Mesh : Humans Interleukin-13 Bayes Theorem COVID-19 Peptides Machine Learning

来  源:   DOI:10.1186/s12859-023-05248-6

Abstract:
BACKGROUND: Inflammatory mediators play havoc in several diseases including the novel Coronavirus disease 2019 (COVID-19) and generally correlate with the severity of the disease. Interleukin-13 (IL-13), is a pleiotropic cytokine that is known to be associated with airway inflammation in asthma and reactive airway diseases, in neoplastic and autoimmune diseases. Interestingly, the recent association of IL-13 with COVID-19 severity has sparked interest in this cytokine. Therefore characterization of new molecules which can regulate IL-13 induction might lead to novel therapeutics.
RESULTS: Here, we present an improved prediction of IL-13-inducing peptides. The positive and negative datasets were obtained from a recent study (IL13Pred) and the Pfeature algorithm was used to compute features for the peptides. As compared to the state-of-the-art which used the regularization based feature selection technique (linear support vector classifier with the L1 penalty), we used a multivariate feature selection technique (minimum redundancy maximum relevance) to obtain non-redundant and highly relevant features.

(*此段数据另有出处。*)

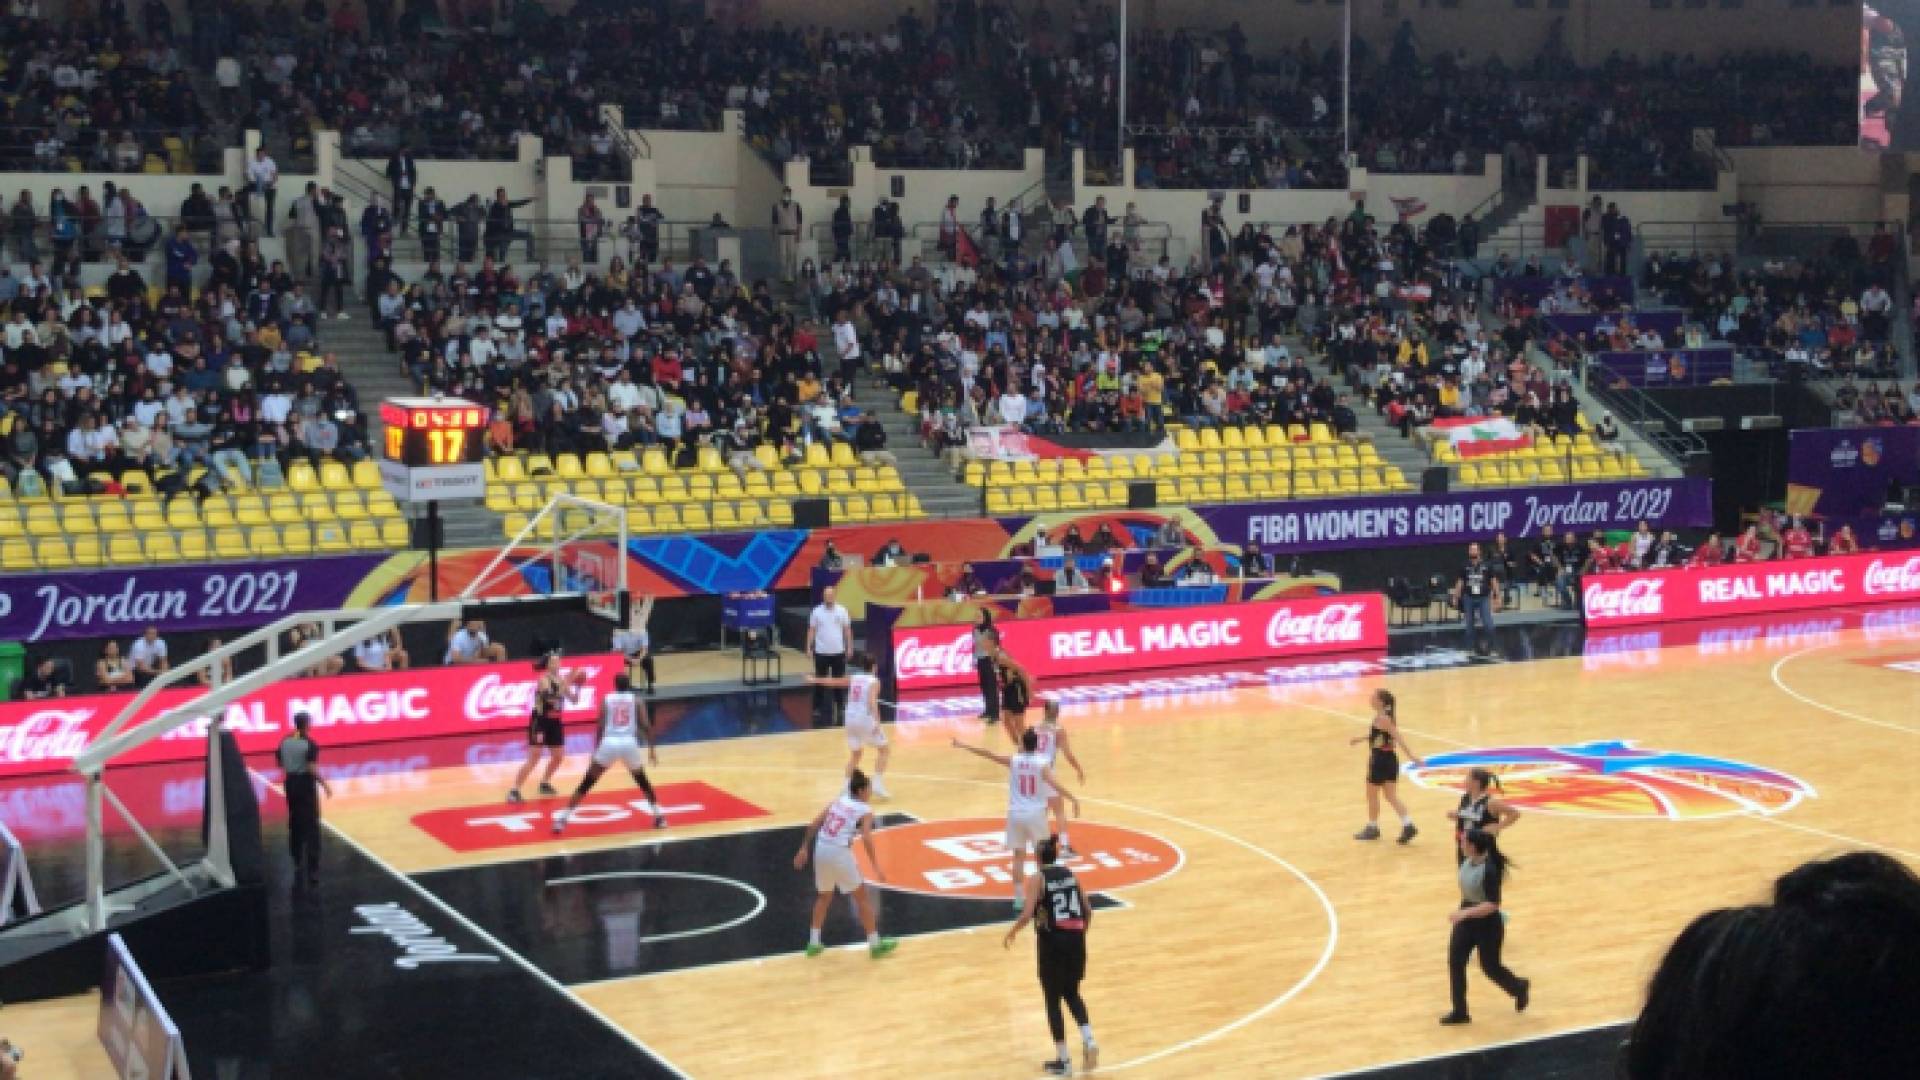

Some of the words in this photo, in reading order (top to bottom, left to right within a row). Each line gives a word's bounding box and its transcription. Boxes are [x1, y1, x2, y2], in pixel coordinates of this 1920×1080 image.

[428, 428, 465, 463] 17
[1248, 513, 1299, 544] FIBA
[1304, 507, 1407, 541] WOMEN'S
[1414, 504, 1464, 535] ASIA
[1471, 500, 1512, 532] CUP
[1519, 490, 1608, 538] Jordan
[1614, 488, 1672, 521] 2021
[1699, 577, 1762, 602] REAL
[1766, 569, 1845, 596] MAGIC
[27, 576, 187, 642] Jordan
[199, 569, 298, 616] 2021
[1050, 628, 1135, 660] REAL
[1141, 617, 1241, 651] MAGIC
[288, 688, 430, 728] MAGIC
[1018, 774, 1037, 797] 11
[1052, 890, 1081, 919] 24
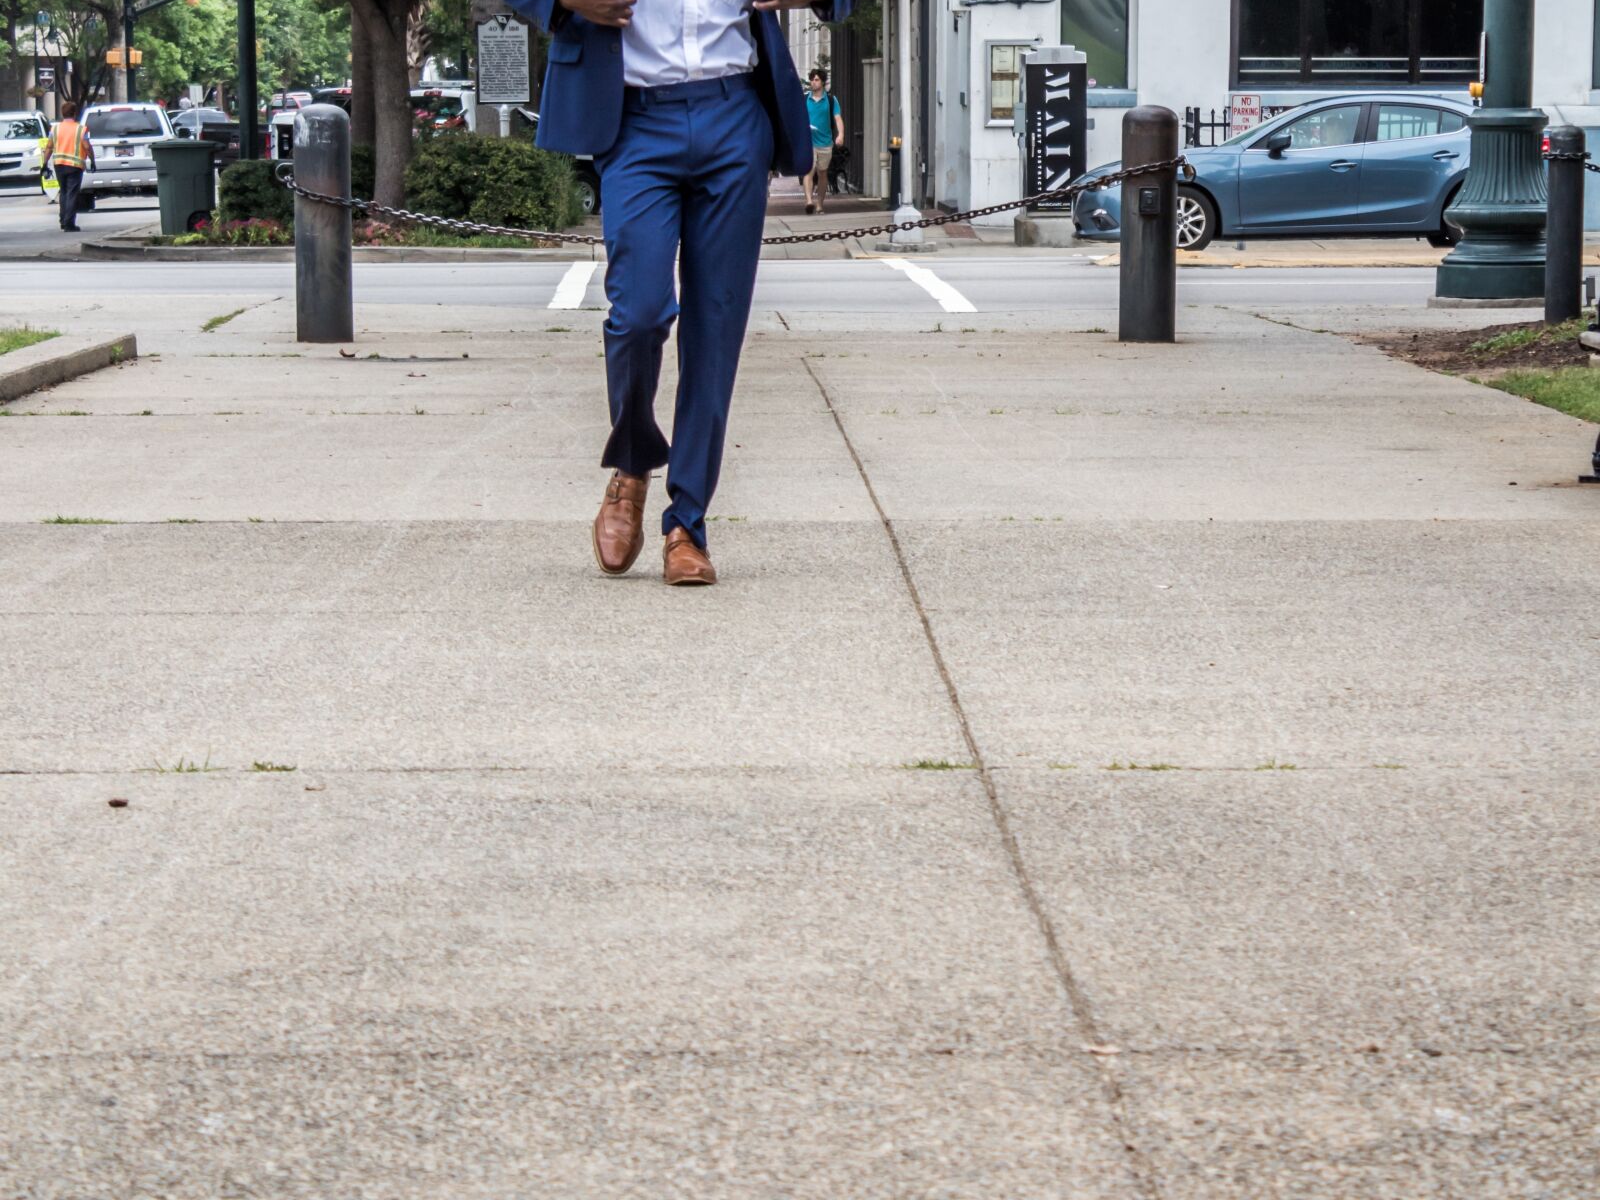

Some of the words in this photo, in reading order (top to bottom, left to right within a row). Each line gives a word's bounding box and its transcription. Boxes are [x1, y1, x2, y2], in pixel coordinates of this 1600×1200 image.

[1242, 97, 1252, 106] NO
[1234, 108, 1258, 116] PARKING
[1045, 68, 1070, 191] MAIN

In the proposed study (improved IL-13 prediction (iIL13Pred)), the use of the mRMR feature selection method is instrumental in choosing the most discriminatory features of IL-13-inducing peptides with improved performance. We investigated seven common machine learning classifiers including Decision Tree, Gaussian Naïve Bayes, k-Nearest Neighbour, Logistic Regression, Support Vector Machine, Random Forest, and extreme gradient boosting to efficiently classify IL-13-inducing peptides. We report improved AUC, and MCC scores of 0.83 and 0.33 on validation data as compared to the current method.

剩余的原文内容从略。